Сначала он сделал крестообразный надрез от пупка до ключицы. Я был повешен так
скверно, что хуже не бывает. Палач святой инквизиции в сане иподьякона сжигал
людей великолепно, надо отдать ему должное, но вешать он не умел. Веревка была
мокрая, узловатая, плохо скользила, поэтому я еще дышал. Крестообразный надрез
заставил меня так громко вскрикнуть, что мой хирург упал навзничь, решив, что
он разрезал дьявола. Затем вскочил и бросился бежать, но на лестнице упал. На
шум прибежала из соседней комнаты его жена. Она увидела меня, растянутого на
столе, с моим крестообразным надрезом, испугалась еще больше, чем ее муж, тоже
бросилась бежать и упала на него. Когда они немного пришли в себя, я услышал,
как супруга сказала супругу:
– Дорогой мой, как это ты решился резать еретика! Ты
разве не знаешь, что в этих людях всегда сидит дьявол. Пойду-ка я скорее за
священником, пусть он изгонит беса.
Услышав это, я затрепетал и, собрав остаток сил, крикнул:
– Сжальтесь надо мной!
Наконец португальский костоправ расхрабрился и зашил рану;
его жена сама ухаживала за мною; через две недели я встал на ноги. Костоправ
нашел мне место, я поступил лакеем к мальтийскому рыцарю, который отправлялся в
Венецию; но у моего господина не было средств, чтобы платить мне, и я перешел в
услужение к венецианскому купцу; с ним-то я и приехал в Константинополь.

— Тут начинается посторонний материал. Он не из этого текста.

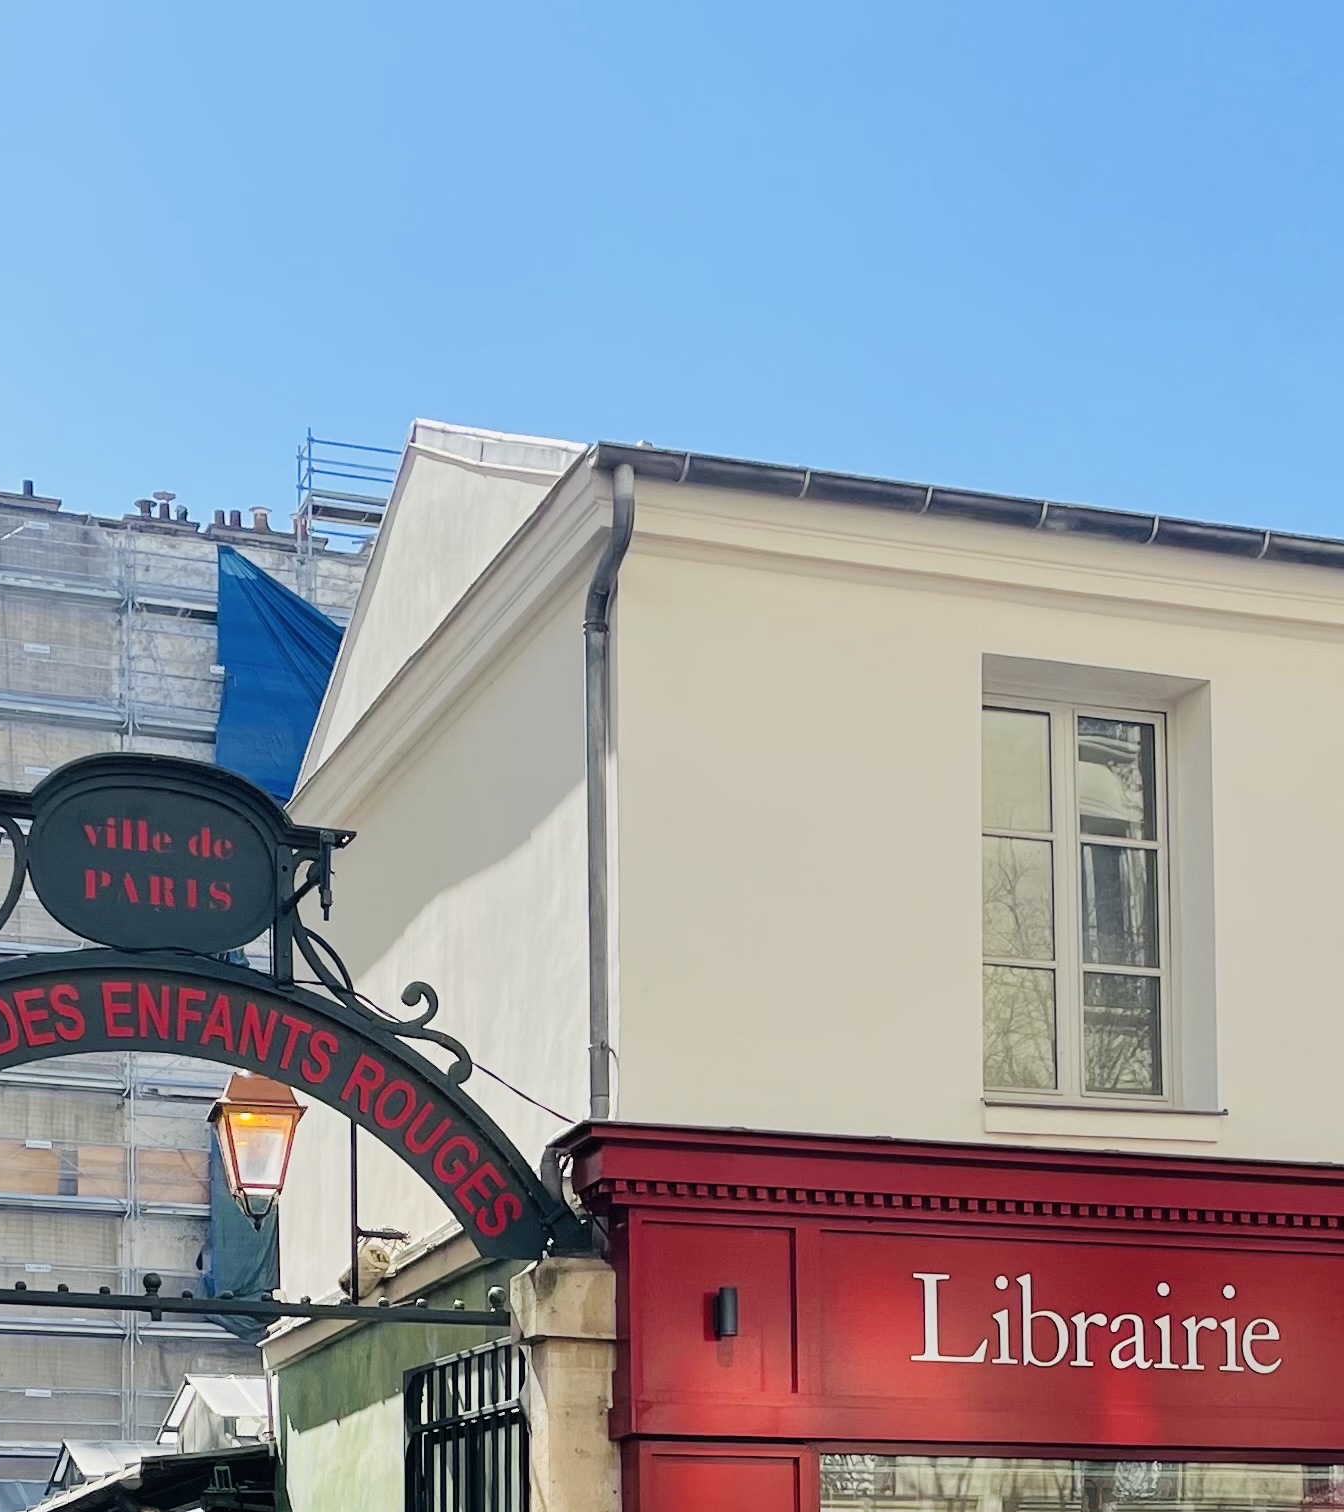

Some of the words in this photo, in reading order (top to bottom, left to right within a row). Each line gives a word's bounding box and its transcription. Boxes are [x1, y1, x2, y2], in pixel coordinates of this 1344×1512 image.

Однажды мне пришла в голову фантазия зайти в мечеть; там был
только старый имам и молодая богомолка, очень хорошенькая, которая шептала
молитвы. Шея у нее была совершенно открыта, между грудей красовался роскошный
букет из тюльпанов, роз, анемон, лютиков, гиацинтов и медвежьих ушек; она
уронила букет, я его поднял и водворил на место очень почтительно, но делал я
это так старательно и медленно, что имам разгневался и, обнаружив, что я
христианин, позвал стражу. Меня повели к кади, который приказал дать мне сто
ударов тростью по пяткам и сослал меня на галеры. Я попал на ту же галеру и ту
же скамью, что и барон. На этой галере было четверо молодых марсельцев, пять
неаполитанских священников и два монаха с Корфу; они объяснили нам, что
подобные приключения случаются ежедневно. Барон утверждал, что с ним поступили
гораздо несправедливее, чем со мной. Я утверждал, что куда приличнее положить
букет на женскую грудь, чем оказаться нагишом в обществе ичоглана. Мы спорили
беспрерывно и получали по двадцать ударов ремнем в день, пока сцепление событий
в этой вселенной не привело вас на нашу галеру, и вот вы нас выкупили.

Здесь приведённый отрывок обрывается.